Years down the line I have learned that trauma recovery is a difficult, exhausting, and often thankless process. But it is beautiful. I’ve learned that I’m not “normal” - I’m neurodivergent & living with a chronic autoimmune disease. But I don’t have to be normal or the same as everyone else. There’s a reason so many people relate to my message on my platform Blooming Forward: because I’m not and never will be the same as everyone else.
I’m here to shake up the status quo that keeps oppressors and abusers in power, that keeps rape culture alive and well. I’m here to affirm that I am worthy and valuable not because I’ve “overcame” my trauma, but because I am good enough as I am. I empower other trauma survivors to do the same, knowing that the more of us who are able to reclaim our power and accept who we are fully, the more we can be a part of making the world a better place.
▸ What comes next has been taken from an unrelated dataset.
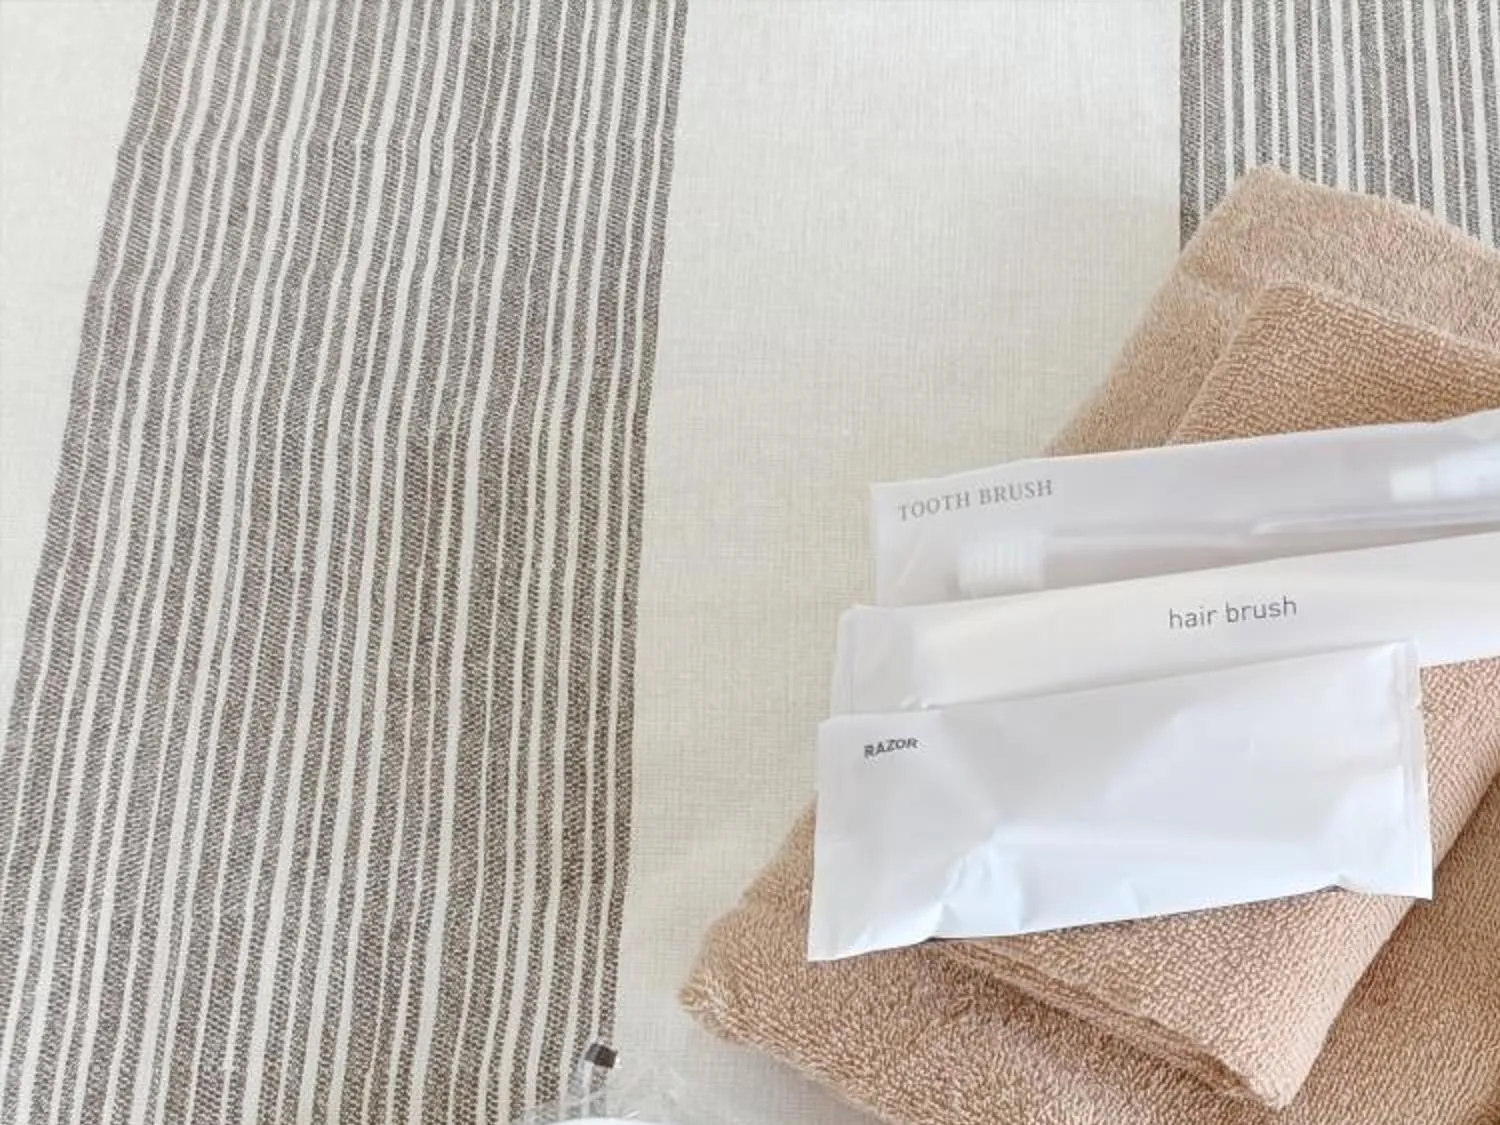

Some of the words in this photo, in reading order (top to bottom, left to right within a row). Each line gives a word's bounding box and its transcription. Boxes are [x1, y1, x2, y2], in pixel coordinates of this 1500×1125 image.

Through my Instagram and blog I share lessons I’ve learned on my path of healing from abuse, as well as healing resources to help others who need it. I also do 1:1 trauma-informed coaching to provide the high level support survivors need to make changes in their lives. Helping others is my passion (I’m an enneagram 2) and my experience as a survivor makes me uniquely equipped to understand the struggle that my fellow survivors face. I am committed to being present, never stop learning, and always showing up for what I believe in. I believe that healing is possible, and we are all worthy of accessing all the potential within us. Survivors are the most powerful people I know, and it is my highest honor to serve them.
Thank you Emmy for sharing your beautiful story. You are so brave and strong and you're an inspiration for many women out there. We are so happy to welcome you in to our community as one of our expert coaches.